Q: After thirty minutes, what happened?
A: We stopped and I was told to remove my blindfold after five minutes and drove my car in going home.
Q: What did you do after they instructed you to remove your blindfold after five minutes?
A: When I removed my blindfold, they were no longer there and so I drove home.
. . . .
Q: On the way from the house where they kept you to UP Diliman, do you remember how many people were with you inside the car?
A: We were also five.
Q: Do you remember how many men and how many women were in that car?
A: One female and three males.
Q: And who was that female that you were referring to?
A: Preciosa Gomez.
Q: How about the three men?
A: I don't know them.126
When Edward was released from his captivity, he narrated that he saw the kidnappers in the car. Whether this was before or after his eyes were covered was not clear.
When Edward and Jocelyn were at the NBI office to identify the kidnappers, there were only two female suspects in the line-up.127 The lineup, therefore, had all the suggestive features of a show-up.

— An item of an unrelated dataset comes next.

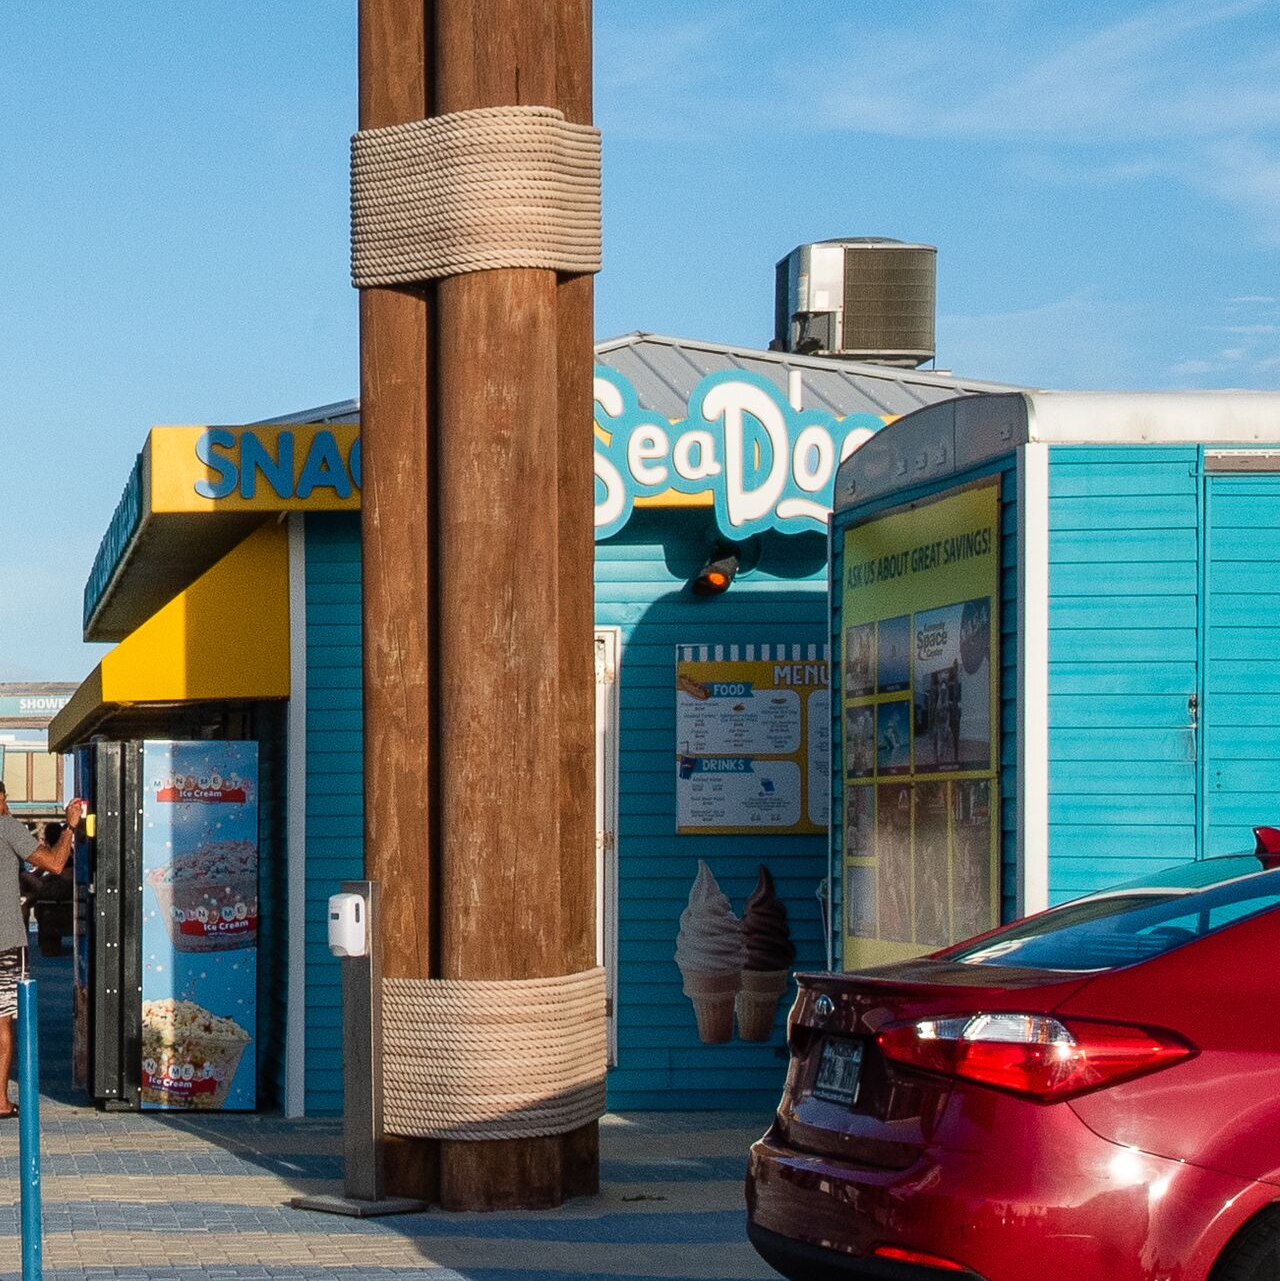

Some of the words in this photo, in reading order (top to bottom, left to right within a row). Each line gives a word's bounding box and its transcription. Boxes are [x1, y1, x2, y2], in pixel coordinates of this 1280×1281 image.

Gomez argues that the identification procedure was tainted because she had been exposed to the media immediately before the day Edward identified her as his kidnapper.128
Defense witness Reynaldo Pepino testified during cross-examination that after their arrest, they were presented to the media as "kidnappers":
ATTY. CORONEL:
Q. Do you remember approximately what time were you brought to the DOJ?
A. Morning ma' am.
Q. Of December 8?
A. Yes ma'am.
Q. And who were with you when you were brought to the DOJ?
A. With Preciosa ma'am.
Q. With Preciosa only?
A. There were others ma'am but I can not remember them.
Q. How about your brother, was he brought with you to the DOJ?
A. No he was not with us at that time ma'am. He was with the NBI at that time.
Q. So at that time you were allegedly presented to the media as kidnappers, it was only you and Preciosa whom you knew?
A. No. I said only two (2) of us from Camp Crame and my brother came from the NBI. And all of us were presented to the media, at the DOJ
Q. So at that time that you were presented at the DOJ, your brother Jerry was already with you?
A. Yes ma' am. They were already there ahead of us.129
(Emphasis supplied)
The prosecution did not present countervailing evidence to show that this prejudicial exposure to the media did not take place. Hence, there was a presumption that media reported the appearances of these arrested "kidnappers" and were immediately featured in the news across varying media platforms. At that time, high media attention was given to the crackdown of kidnapping, which was a prevalent social ill.130
The appearance of the alleged kidnappers could have influenced their memories on the kidnapping incident. On the day of the identification, December 9, 1997, Tuesday, kidnap-for-ransom-related news were featured in the headlines for the broadsheets.131 In the Philippine Daily Inquirer, the article included a photograph with the caption: "SUBDUED kidnap-for-ransom gang member Diosdado Avila and other members of his gang at the Department of Justice Monday."132 The photograph did not feature all of the kidnapping suspects arrested at that time. However, other visual reports, such as a television broadcast, might have featured all of those who were arrested for kidnapping, including Pepino and Gomez.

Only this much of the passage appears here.